But it's is shooting 1/2 moa now which I'd definitely call a precision rifle for a .22LR. Especially for a $400 rimfire.Bought mine with the intention of converting it to a .17HM2 for controlling ground squirrels in the orchard behind the house.
I couldn't resist seeing how "precision" the gun was out of the box. It wasn't, 5 shot groups averaged .75-1 MOA at 50 yds due to 2 random flyers per 5 rounds. Tinkered and tested for hours and improved the group average by approximately .15".
The gun has a weak ejection issue that leaves a case on in the chamber unless the bolt is racked like rapid fire drills.
Shipped the gun back to Ruger and they replaced the bolt and barrel, but did nothing about the ejection issue.

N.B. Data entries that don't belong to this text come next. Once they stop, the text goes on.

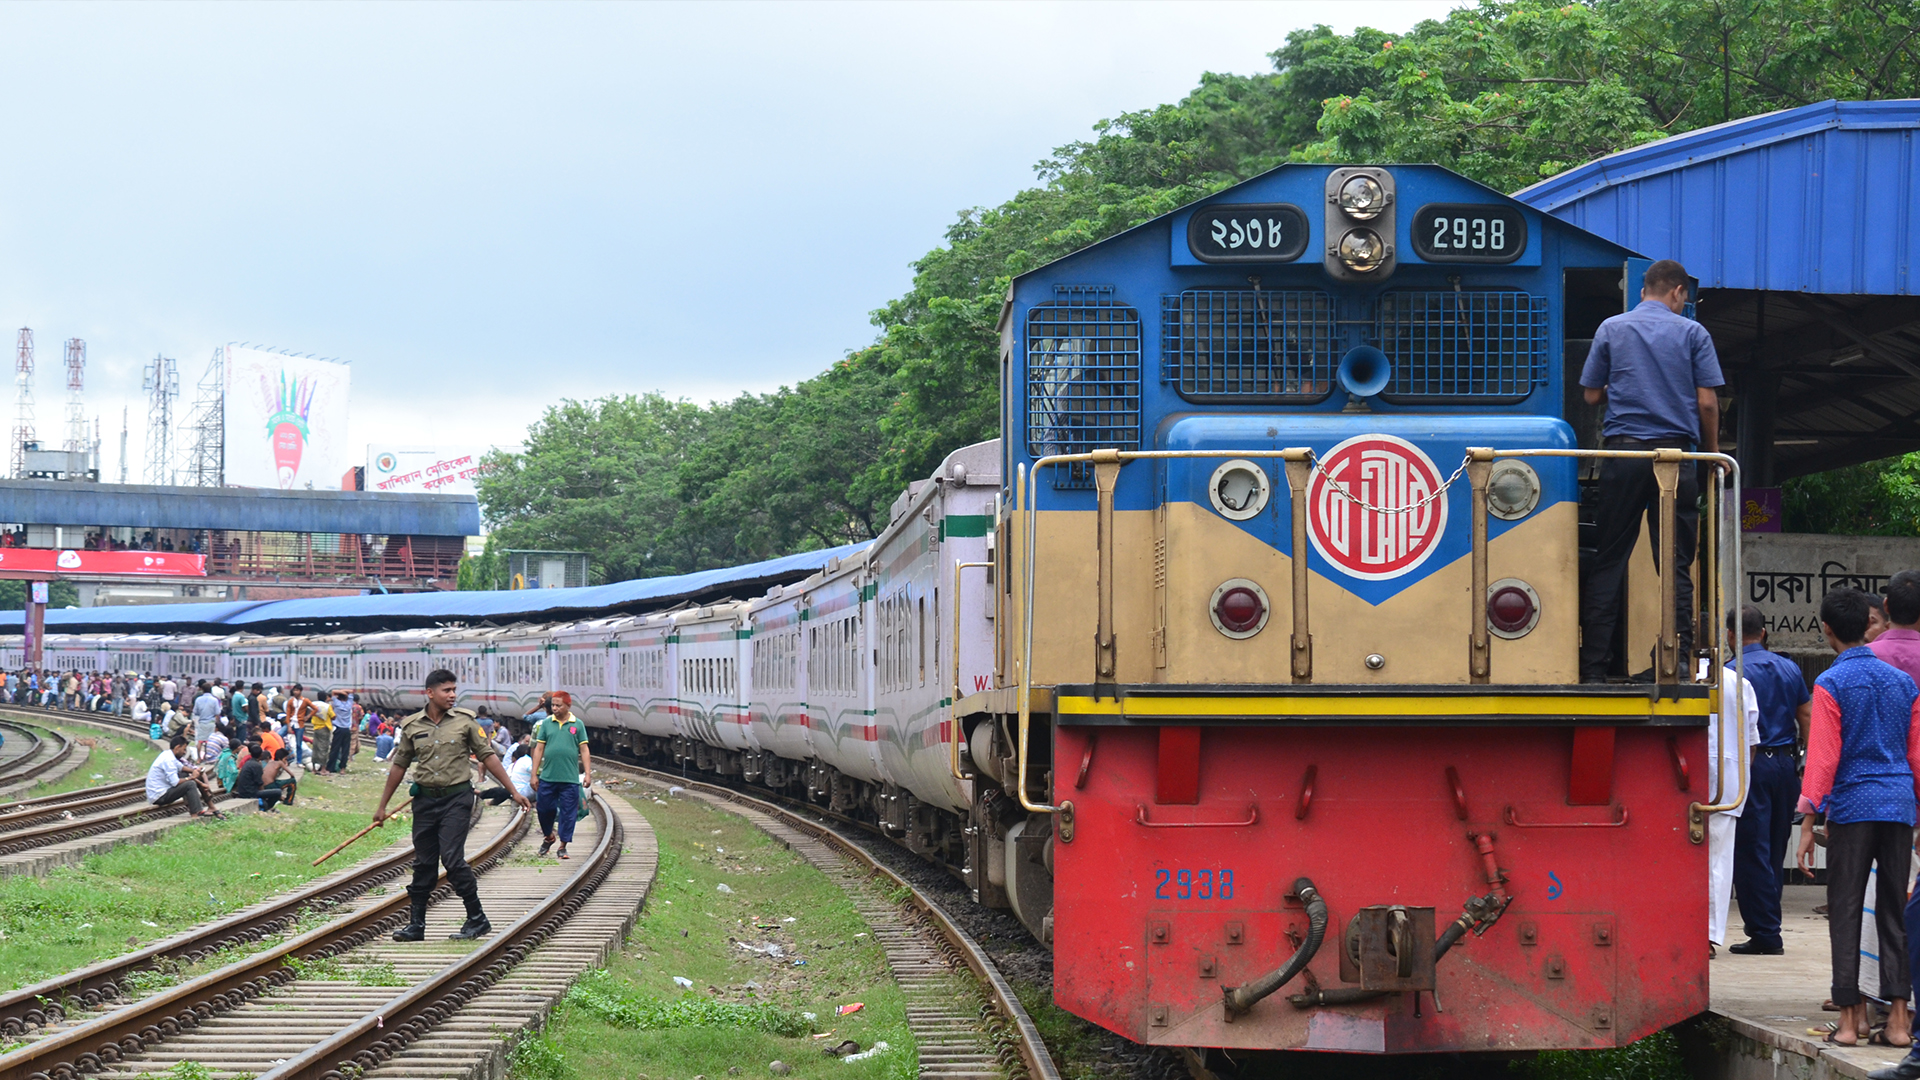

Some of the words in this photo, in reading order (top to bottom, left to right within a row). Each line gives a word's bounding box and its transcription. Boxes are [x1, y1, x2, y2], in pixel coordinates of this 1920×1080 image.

[1433, 217, 1505, 250] 2938
[376, 470, 423, 491] আশিয়ান
[425, 454, 473, 477] মেডিকেল
[422, 473, 456, 490] কলেজ
[1746, 571, 1815, 604] ঢাকা
[1763, 615, 1822, 633] HAKA
[1155, 869, 1235, 900] 2938
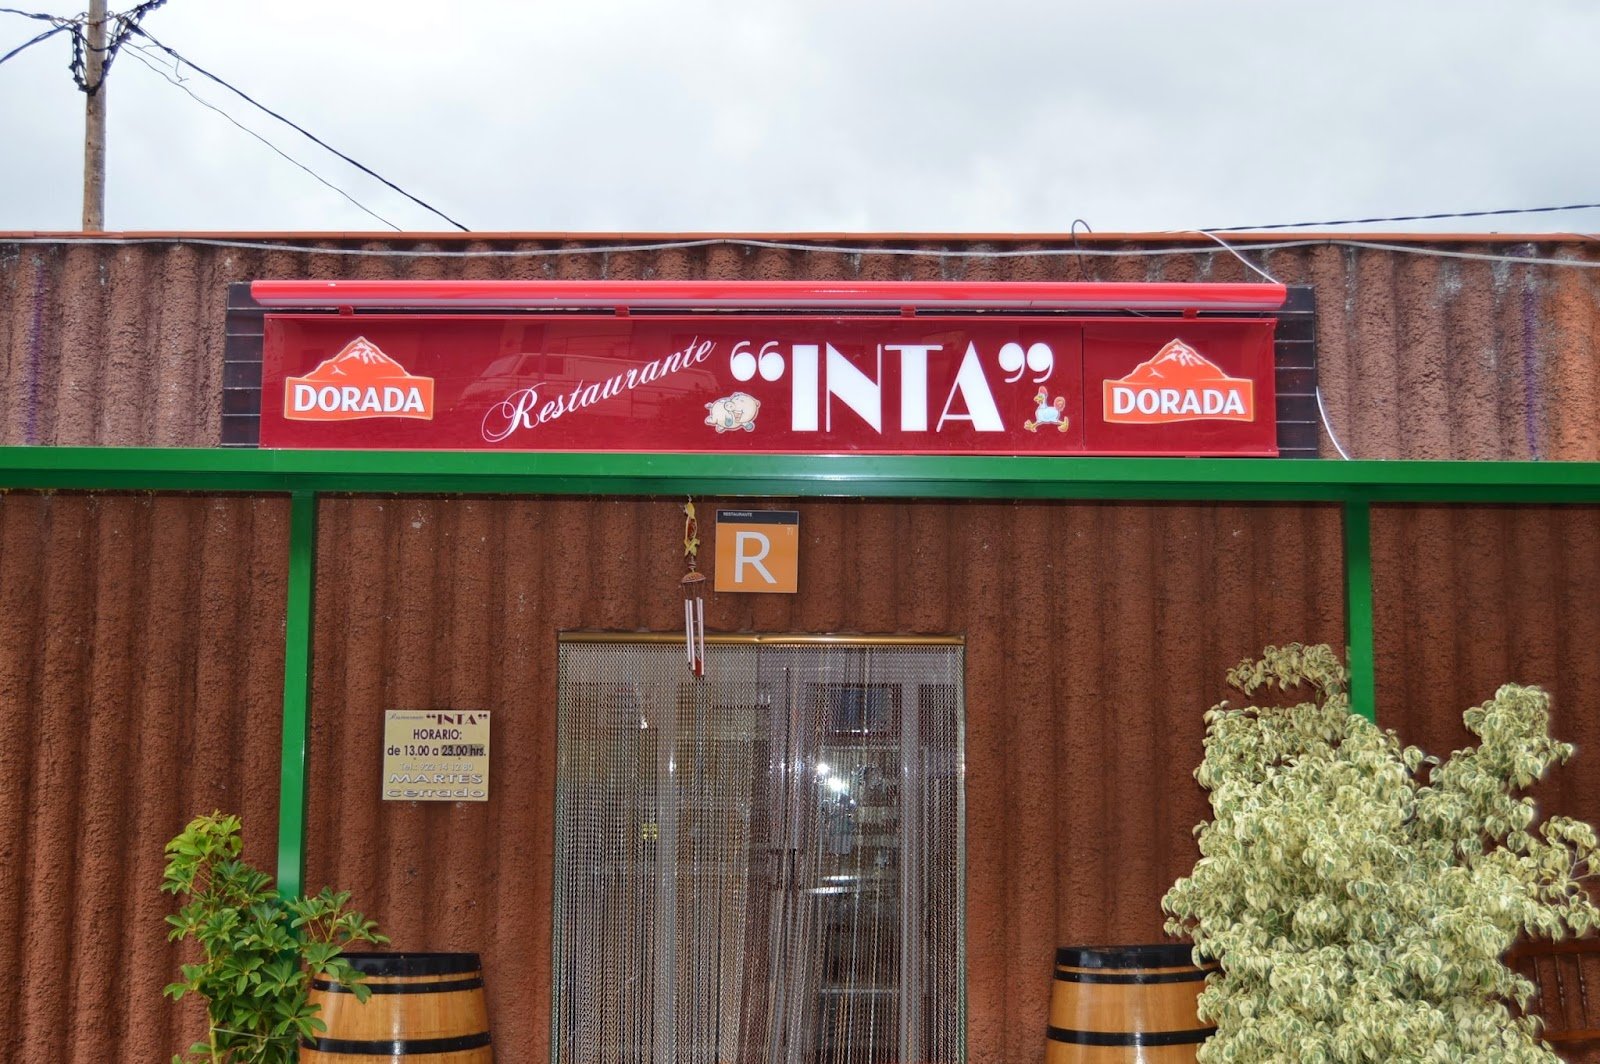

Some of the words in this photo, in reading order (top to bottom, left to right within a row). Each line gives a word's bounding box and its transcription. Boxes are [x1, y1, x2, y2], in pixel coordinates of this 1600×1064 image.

Accuracy is in the .4 - .7 MOA range now.
Hopefully someone will step up and make a .17HM2 barrel in the near future as the platform is a easy maintenance functional tool for my intended purpose.

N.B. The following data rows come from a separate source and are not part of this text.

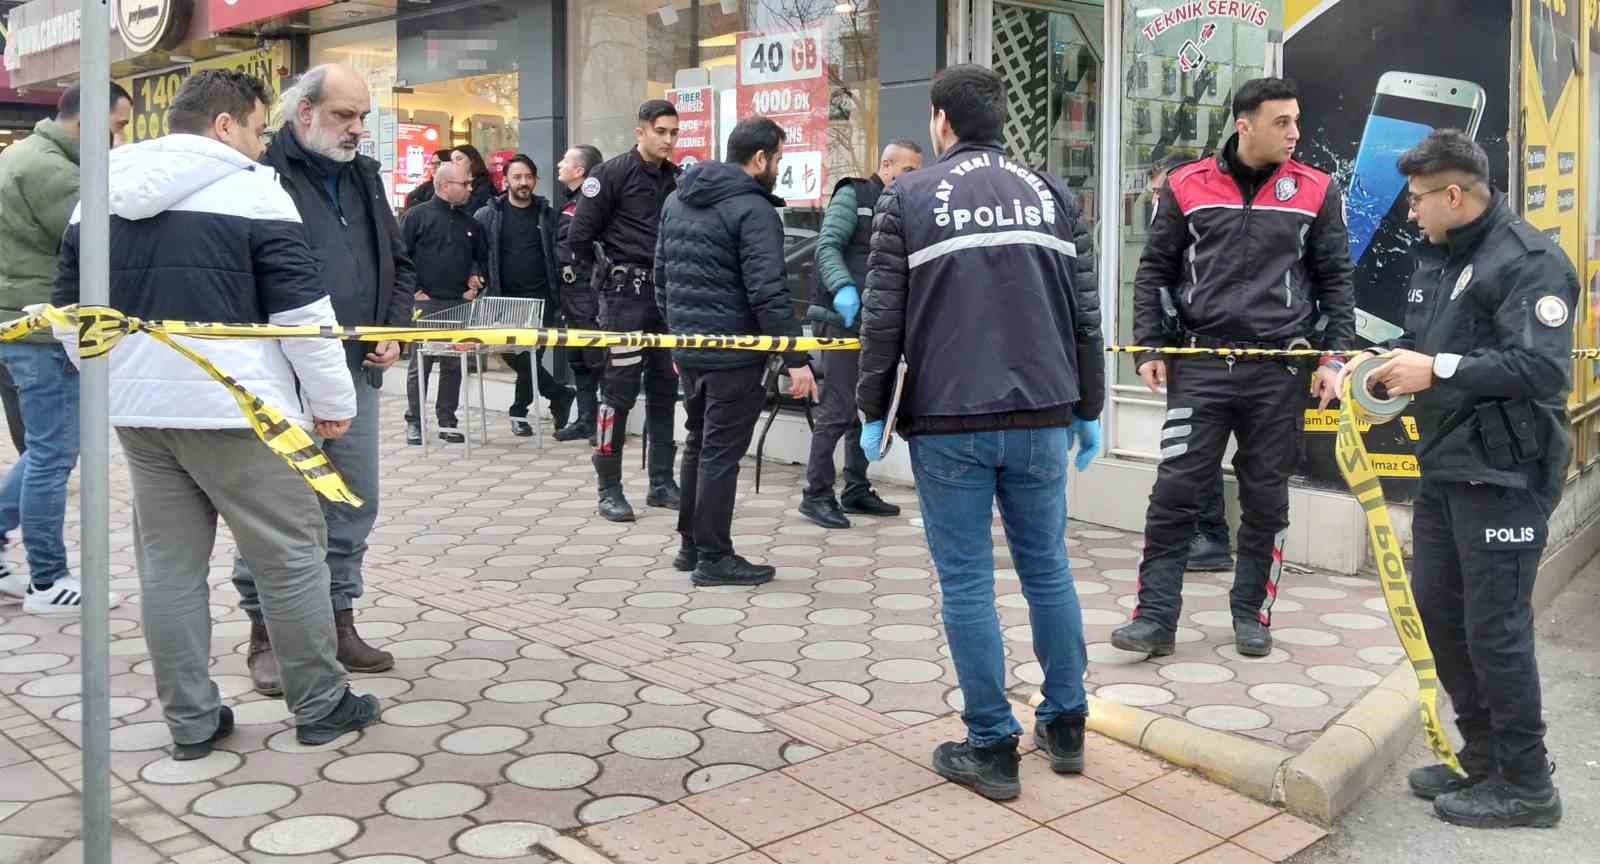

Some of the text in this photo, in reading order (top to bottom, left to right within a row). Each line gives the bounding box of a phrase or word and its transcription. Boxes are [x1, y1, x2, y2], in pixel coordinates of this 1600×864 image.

[1143, 0, 1269, 40] TEKNİK SERVİS
[750, 37, 817, 74] 40 GB
[752, 89, 810, 113] 1000 DK
[933, 178, 954, 227] OLAY
[950, 152, 991, 176] YERİ
[952, 199, 1042, 231] POLİS
[1305, 417, 1322, 425] am
[1371, 457, 1398, 471] lmaz
[1485, 526, 1535, 543] POLİS

IMO the mistake they made with the rifle was naming it a precision rimfire.
It is disappointing though that so many people have had to call Ruger to get stupid fixes that seems like QC would fix before it became the customers issue.
They will probably have a Gen2 soon that address the common issues people are seeing (mag feeding, weak ejection, precision issues, etc). I still believe it's a great rifle for the value alone but understand how some are frustrated.